Speaker:Just saying we need X number of, you know, uh, women or whatever on in this position.
Speaker:It doesn't like attack the problem at every stage of the chain.
Speaker:You know, have you got good maternity policies?
Speaker:Have you got good outreach programs?
Speaker:Have you got all of this stuff?
Speaker:So it kind of doesn't really get to the core of the issue.
Speaker:In office fitness classes.
Speaker:We'll go quick.
Speaker:Oh, that sounds amazing.
Speaker:Yeah, that would be good.
Speaker:Yeah.
Speaker:Uh, MBAs.
Speaker:This is political because my mum used to be in academic teaching business, but I think largely bullshit.
Speaker:It's correct.
Speaker:We've only had one person say otherwise.
Speaker:Wheelhouses.
Speaker:What's a wheel, what do you mean by wheelhouses?

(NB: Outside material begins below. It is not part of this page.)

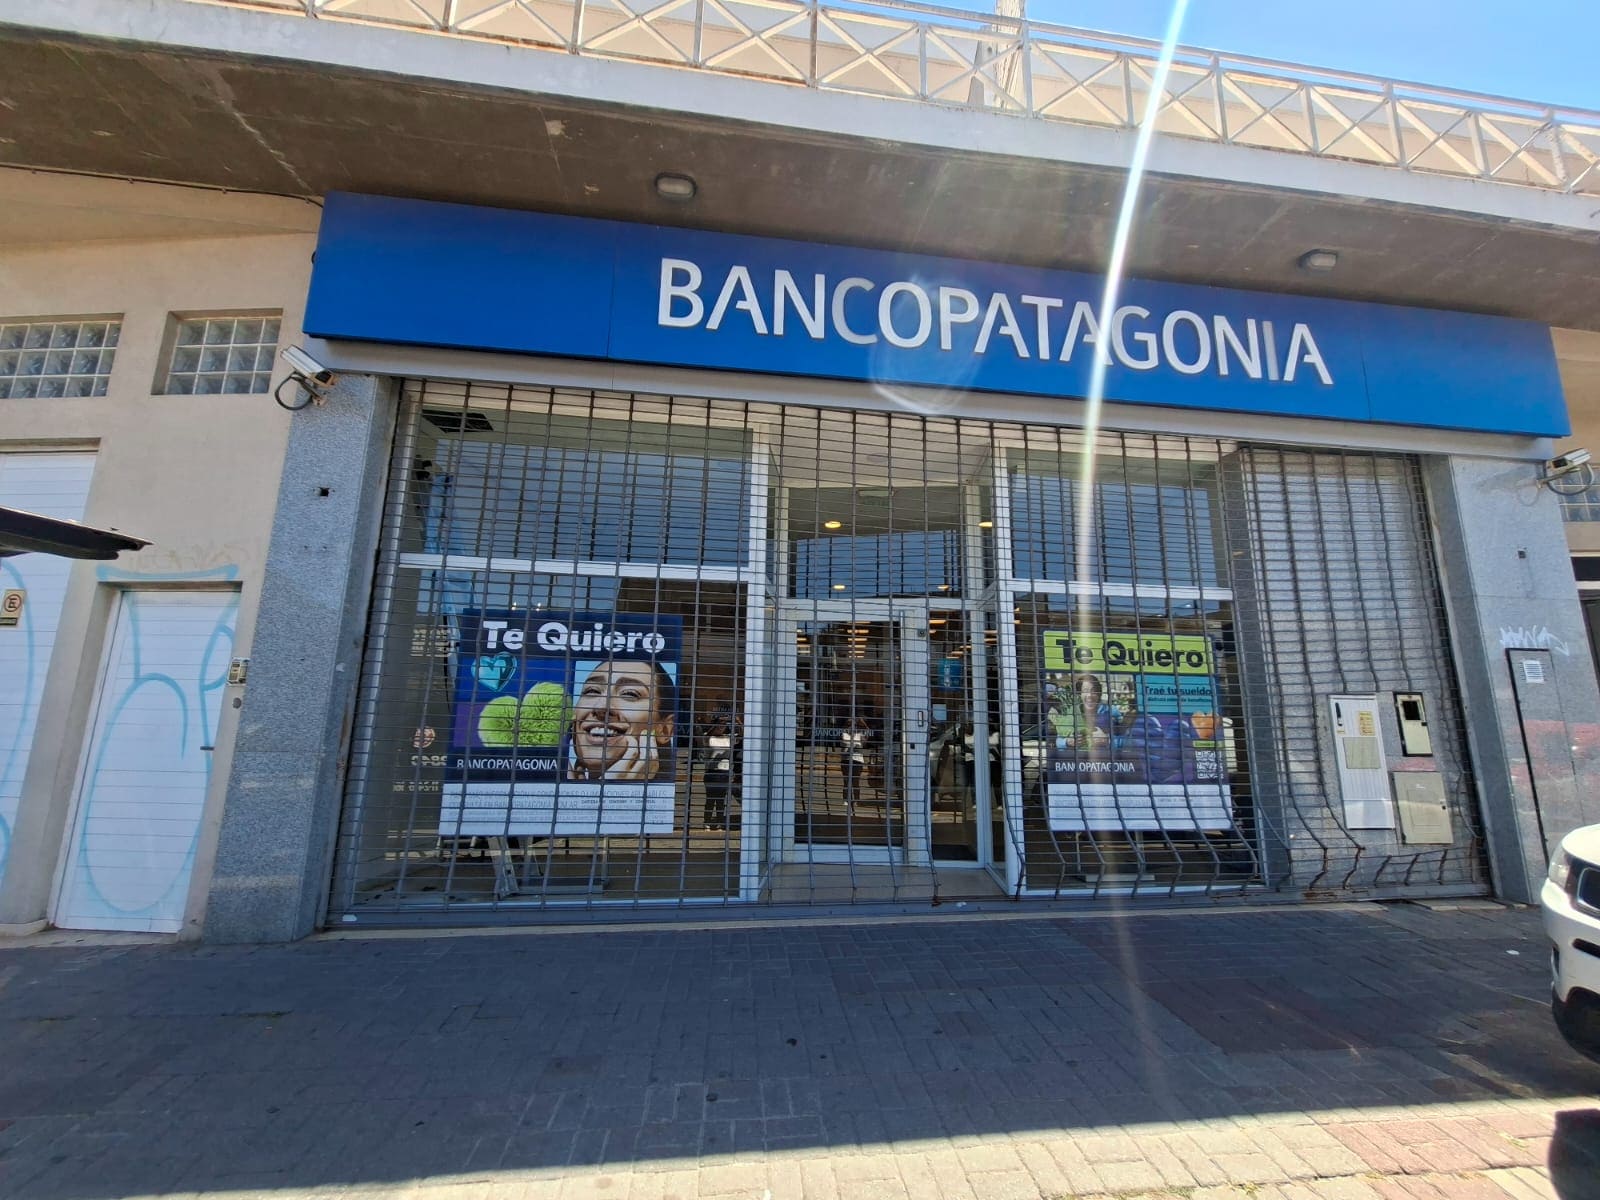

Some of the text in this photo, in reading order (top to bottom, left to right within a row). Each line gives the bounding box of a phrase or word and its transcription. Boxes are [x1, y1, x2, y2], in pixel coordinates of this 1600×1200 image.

Speaker:As in my wheelhouse.
Speaker:Areas of expertise.
Speaker:I mean, that makes sense to me.
Speaker:I know, it's a silly question.
Speaker:Yeah.
Speaker:I know, we need to put that on the silly list.
Speaker:Um, you're going.
Speaker:Are we doing that?
Speaker:You're holding all the cards.
Speaker:Oh, oh, oh.
Speaker:You're lunatic.
Speaker:I am holding, you are holding You are holding the cards.
Speaker:Metaphorically and actually.
Speaker:Um, meeting agendas.
Speaker:Yeah, good.
Speaker:Needed.
Speaker:People go off on one otherwise.
Speaker:Yes.
Speaker:Uh, paradigm shift.
Speaker:Bullshit.
Speaker:Flexible working.
Speaker:Important business.
Speaker:Low hanging fruit.
Speaker:Um, oh god, I don't know.
Speaker:It always sounds slightly rude to me somehow, I don't know why.
Speaker:Oh, that's, you've got a Babylon.
Speaker:I have got a dirty mind.
Speaker:You know, the gardens of Babylon, kind of, you know, grapes of wrath.
Speaker:I think it probably is business.
Speaker:Yeah, you start by tackling the things that are easiest and then you go up.
Speaker:That makes sense.
Speaker:Although I'm not, you know, I don't know, basically.
Speaker:You just go, yeah, we'll go business.
Speaker:Yeah, okay.
Speaker:Blue sky thinking.
Speaker:I mean, sounds like bullshit, doesn't it?
Speaker:Think tanks.
Speaker:Yeah, exactly.
Speaker:You yeah.
Speaker:We've got you now, if you want.
Speaker:Hot disking.
Speaker:Um, oh no, I don't like that.
Speaker:Yeah, no, bullshit.
Speaker:This is Pathetic.
Speaker:End work clothes.
Speaker:Nah, bullshit.
Speaker:I want to be able to wear whatever I want all the time.
Speaker:But that's why I don't work in an office.
Speaker:Excellent.
Speaker:That was
Speaker:the end of business or bullshit.
Speaker:Applause.
Speaker:A big thank you to Grace for joining us this week, and we'll be back with a brand new episode next Tuesday.
Speaker:In the meantime, have a great weekend.